We thank Drs. J. Finsterer and S. Zarrouk-Mahjoub for their thoughtful comments [1] to our manuscript [2]. The clinical presentation of rhabdomyolysis including exertional rhabdomyolysis is highly variable. In addition, there is currently no universally agreed upon definition of exertional rhabdomyolysis. Nonetheless, characteristic clinical features of rhabdomyolysis are muscle pain, weakness, and/or muscle swelling with transient elevation of serum creatine kinase with or without myolgobinuria [3,4]. Our data and published reports showed that muscle pain is the most common presenting symptom of rhabdomyolysis [3]. In our case series, R465 was the only patient who did not complain of muscle pain.
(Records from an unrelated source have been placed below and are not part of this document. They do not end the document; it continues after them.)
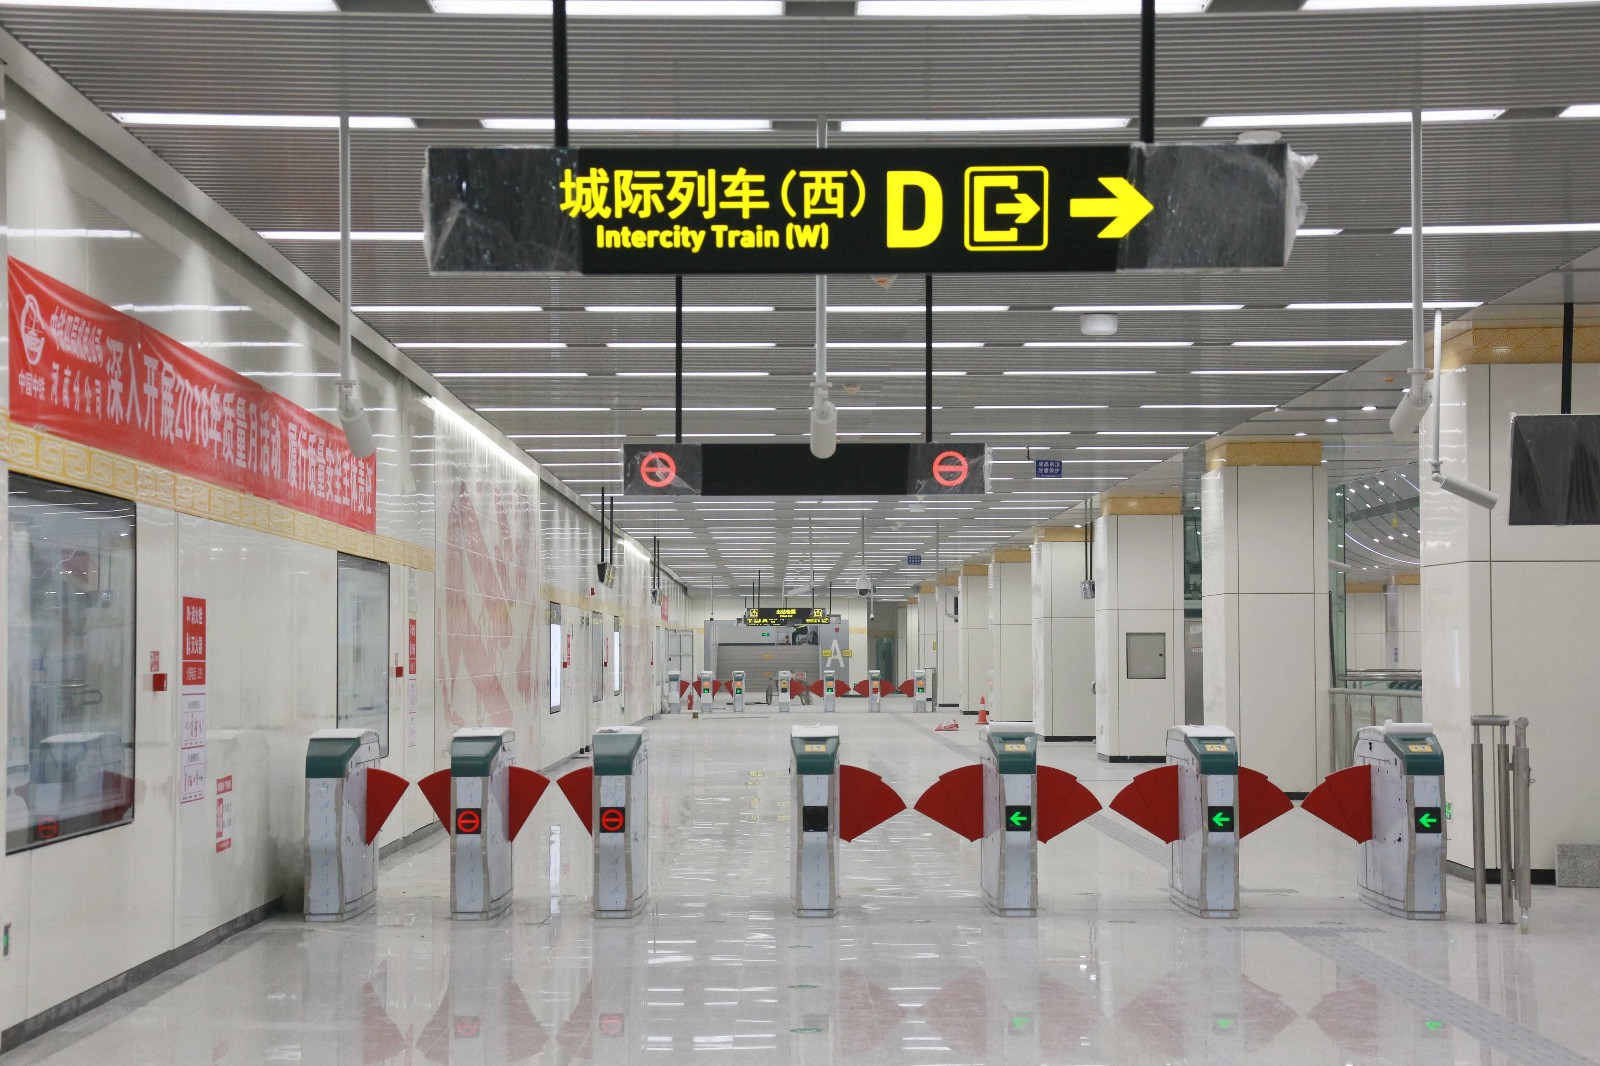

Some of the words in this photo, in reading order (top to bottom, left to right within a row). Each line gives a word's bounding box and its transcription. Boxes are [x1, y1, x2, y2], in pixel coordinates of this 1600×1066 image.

[886, 171, 943, 249] D
[597, 225, 706, 253] Intercity
[711, 225, 779, 248] Train
[786, 222, 829, 250] (W)
[18, 368, 45, 401] 中国中铁
[825, 640, 845, 667] A
We agree the language concerning the electromyographic results is not clear: we intended the term to encompass the totality of electrodiagnostic data (e.g., nerve conduction studies, needle electromyographic studies). It is our practice that patients referred for electrodiagnostic evaluation of possible muscle disease undergo screening nerve conduction studies for large fiber neuropathy, including upper and lower extremity studies, prior to needle examination. Save for the subject whose only abnormality was the noted superficial peroneal sensory potential (see our presumptive explanation in the text), no other abnormalities were noted.
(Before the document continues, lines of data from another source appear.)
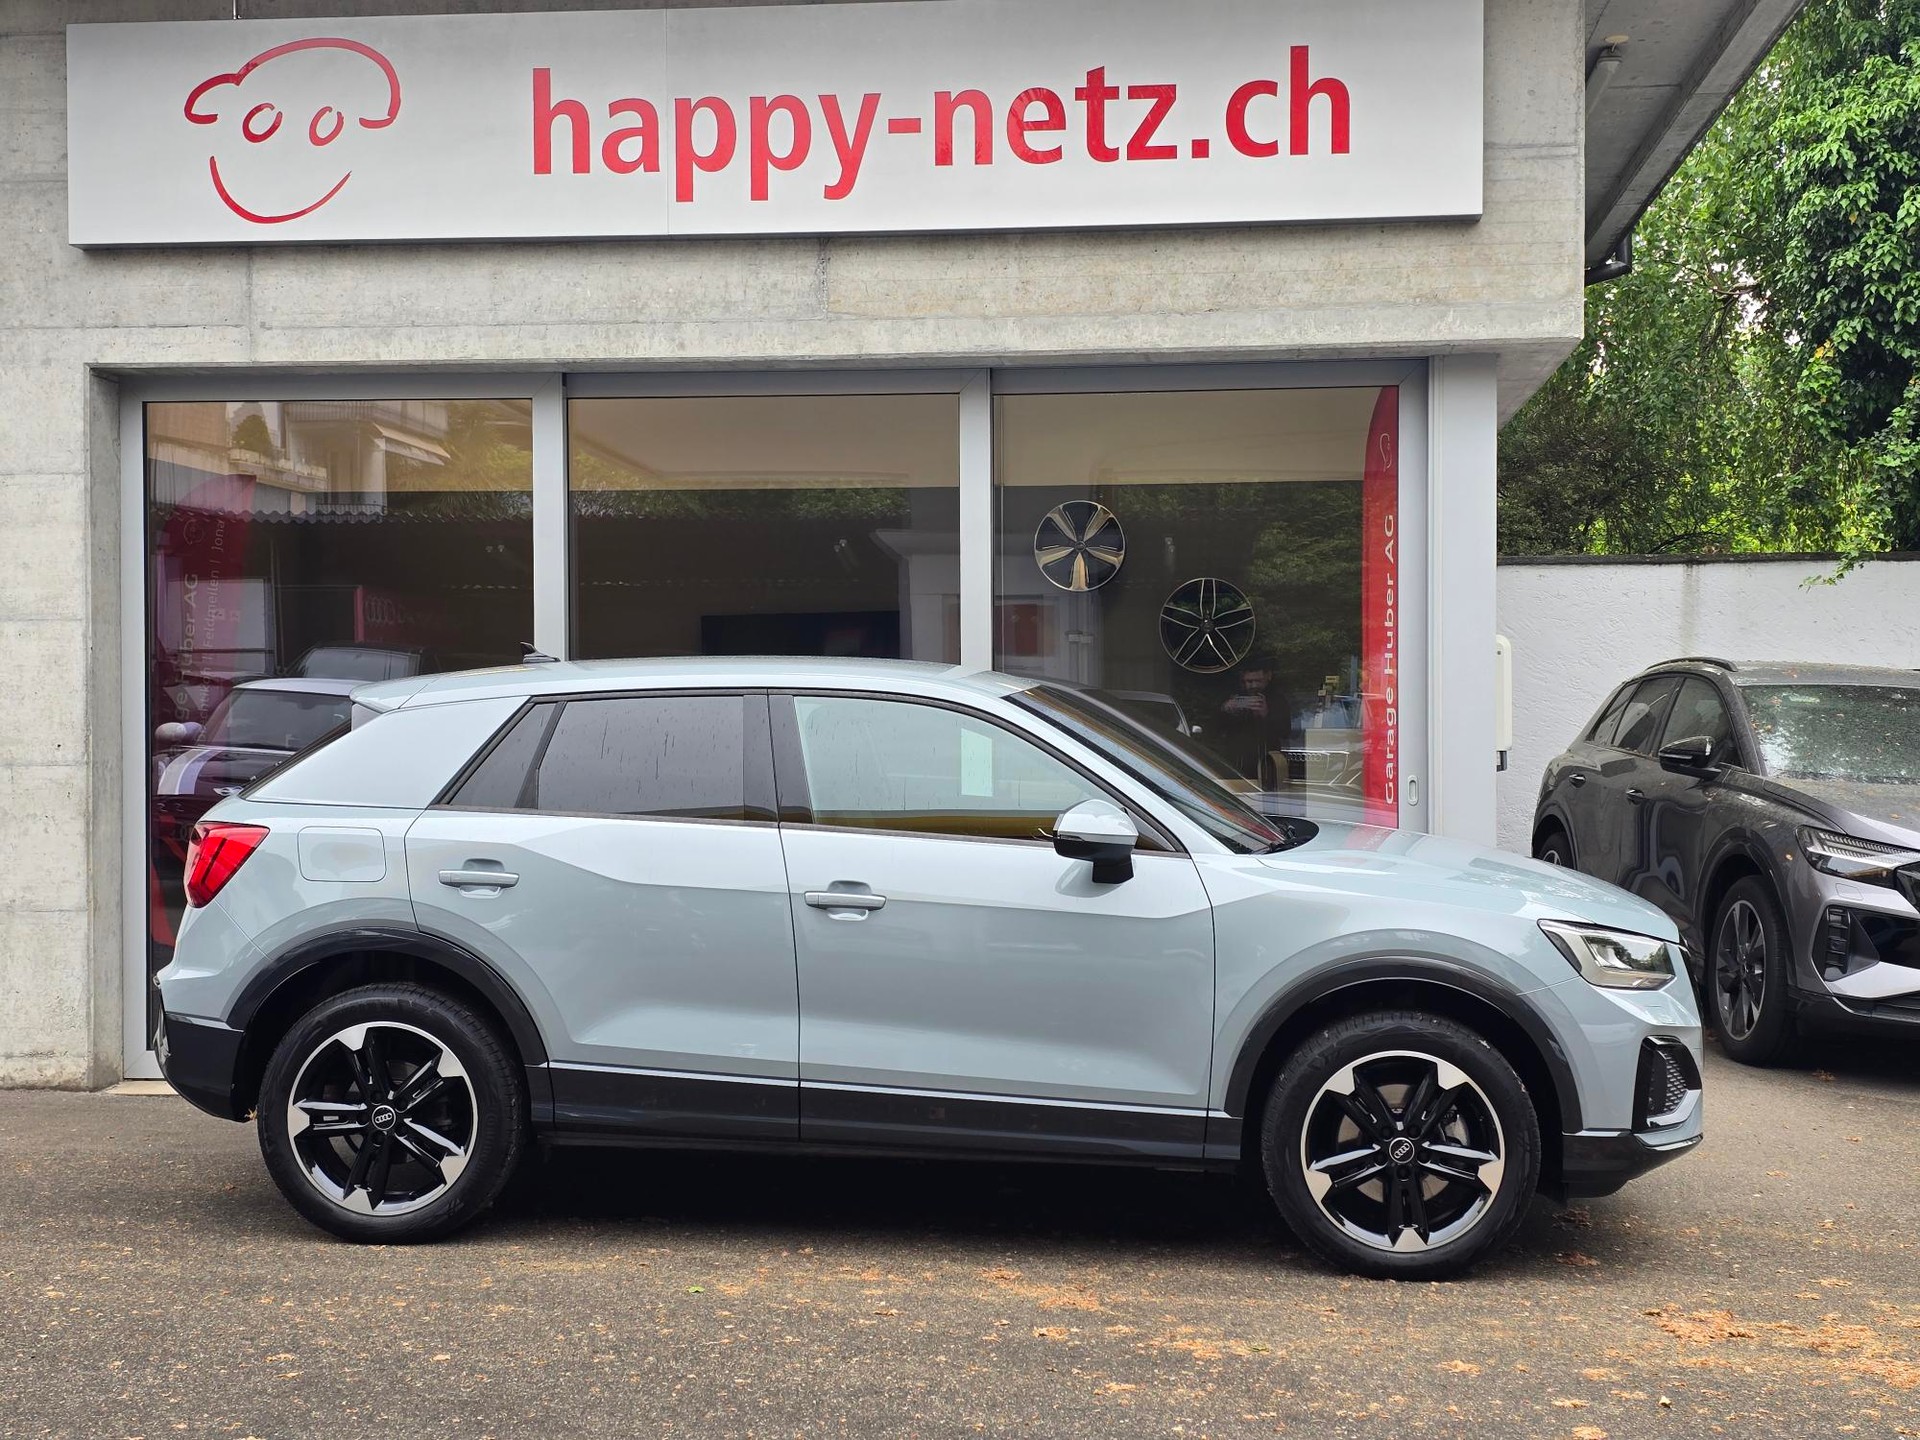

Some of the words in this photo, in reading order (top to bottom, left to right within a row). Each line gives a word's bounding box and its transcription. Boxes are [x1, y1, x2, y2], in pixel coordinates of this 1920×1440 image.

[531, 45, 1351, 203] happy-netz.ch
[1384, 514, 1394, 563] AG
[183, 573, 199, 607] AG
[1384, 573, 1394, 675] Huber
[1385, 687, 1397, 805] Garage
We also agree that mutations in mitochondrial (mt)DNA have been implicated in rhabdomyolysis and exercise intolerance, and whole exome sequencing (WES) will not cover mtDNA. Patients with mtDNA mutations usually present with multiorgan involvement and typical histopathological features such as ragged red fibers in muscle biopsy [5]. None of these features were seen in our case series. Furthermore, none of patients had a family history suggestive of maternal inheritance. These evidence indicate that the contributions of mtDNA mutations are highly unlikely which allowed us to use whole exome sequencing in the study.
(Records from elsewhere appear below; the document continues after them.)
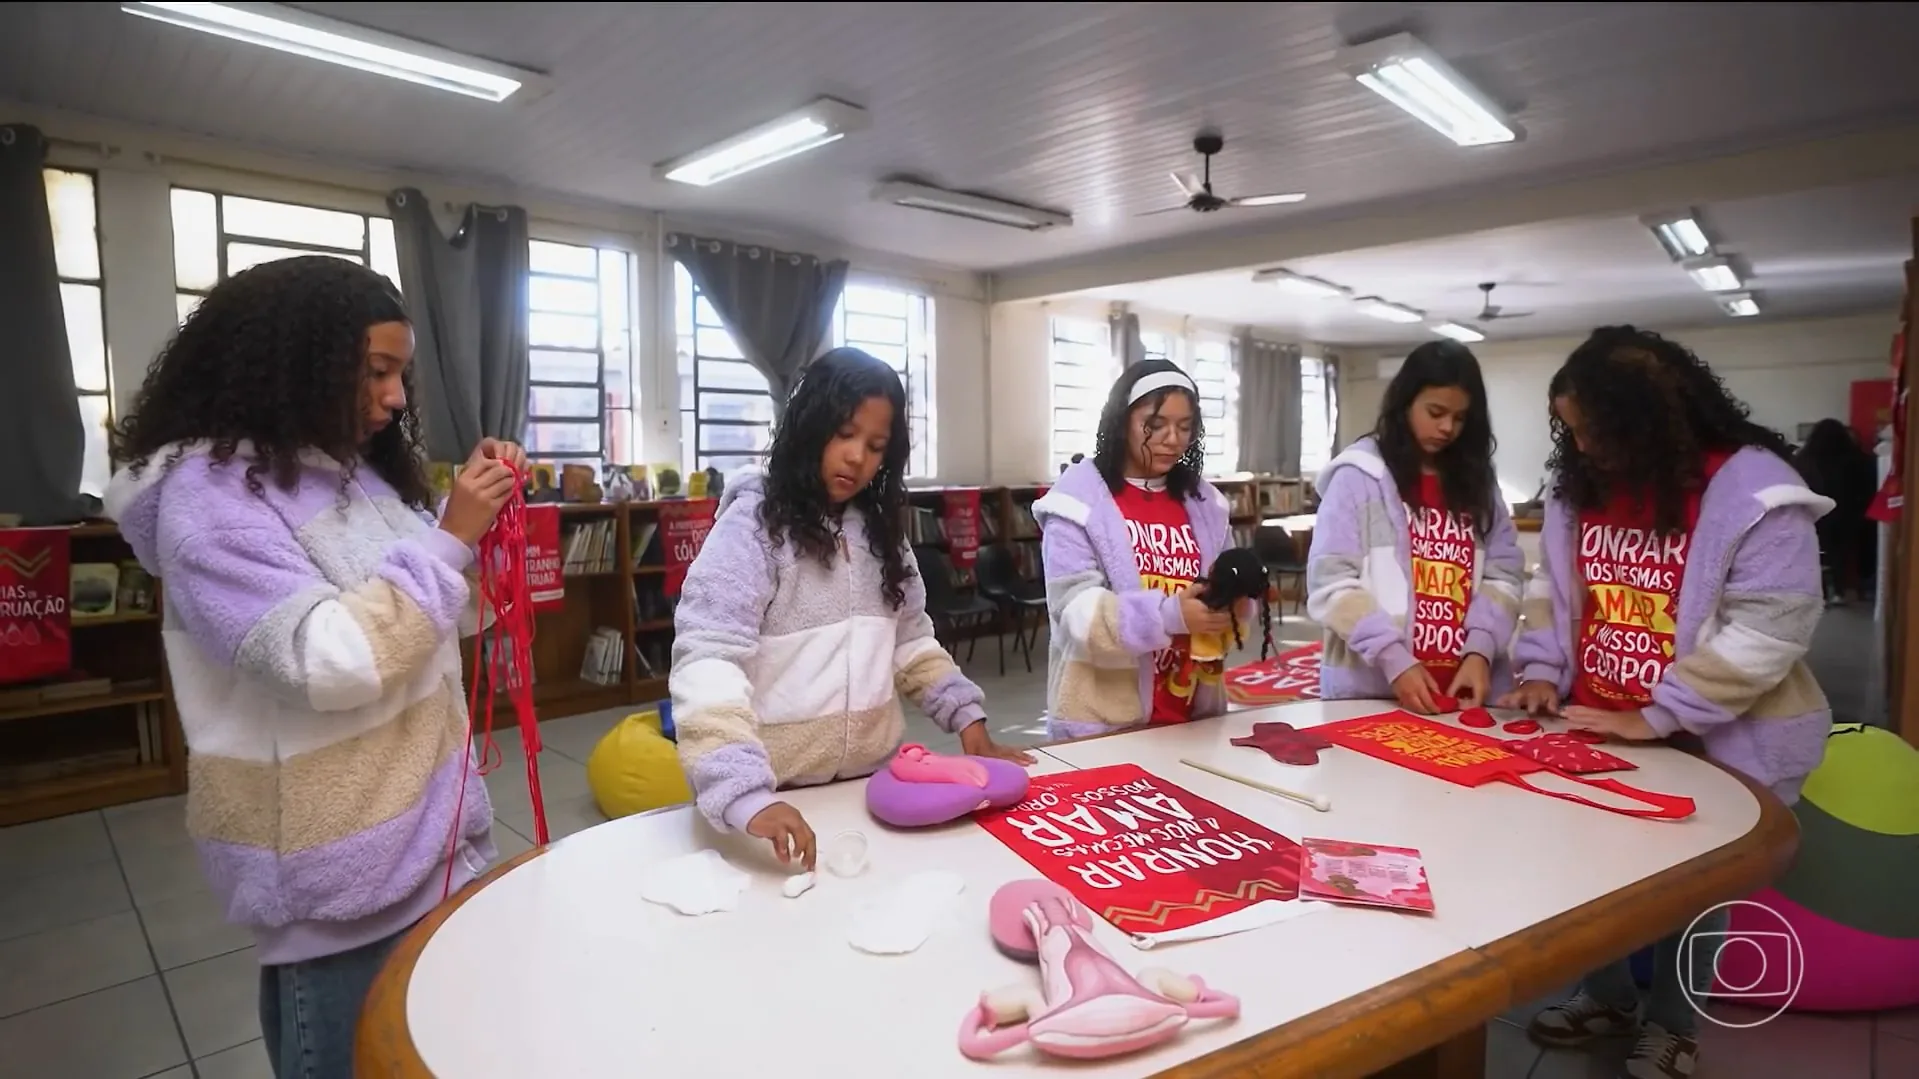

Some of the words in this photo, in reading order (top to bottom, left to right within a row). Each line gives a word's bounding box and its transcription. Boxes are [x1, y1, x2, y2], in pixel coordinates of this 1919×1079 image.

[1125, 519, 1200, 556] ONRAR
[1403, 502, 1475, 541] NRAR
[1581, 522, 1687, 565] ONRAR
[0, 585, 26, 599] IAS
[0, 594, 65, 620] RUAÇÃO
[1416, 600, 1454, 621] SSOS
[1413, 623, 1465, 657] RPOS
[1071, 777, 1157, 804] NOSSOS
[1005, 792, 1196, 848] AMAR
The methods section of the manuscript provides a brief description of genetic analysis: the use of American College of Medical Genetics (ACMG) guidelines [6] for a variant's classification and Sanger sequencing for a variant validation of WES results [2]. Published ACMG guidelines include a total of 28 different criteria that address variant prevalence in the population, literature and locus specific databases, functional data, segregation data, de novo occurrence, and computational predictions [6]. The use of these criteria is open to modifications and interpretations. We have tried to use all ACMG criteria whenever it was possible. However, depending on data availability, and disease or gene specific characteristics, some criteria including functional data, co-segregation data and de novo occurrence were not applicable for the majority of variants. Given wide use of ACMG guidelines, we omitted a lengthy explanation of criteria modification for multiple genes and variants found in our study.

We appreciate comments regarding segregation analysis, functional data and multisystem manifestation of metabolic myopathies. Family members were unavailable (R410 was adopted) or declined to enroll in the study, often due to lack of family history of muscle diseases or phenotypes seen in index case. The predominant features reported by patients in our study were muscle symptoms including muscle pain, fatigue and weakness. Chest pain suggestive of cardiac involvement was reported in one subject. No abnormalities of the acyl-carnitine profile were detected in any of studied cases except R469. Finally, we addressed study limitations including lack of functional studies in the discussion. This was an exploratory study to address the complexity of genetics in recurrent exertional rhabdomyolysis.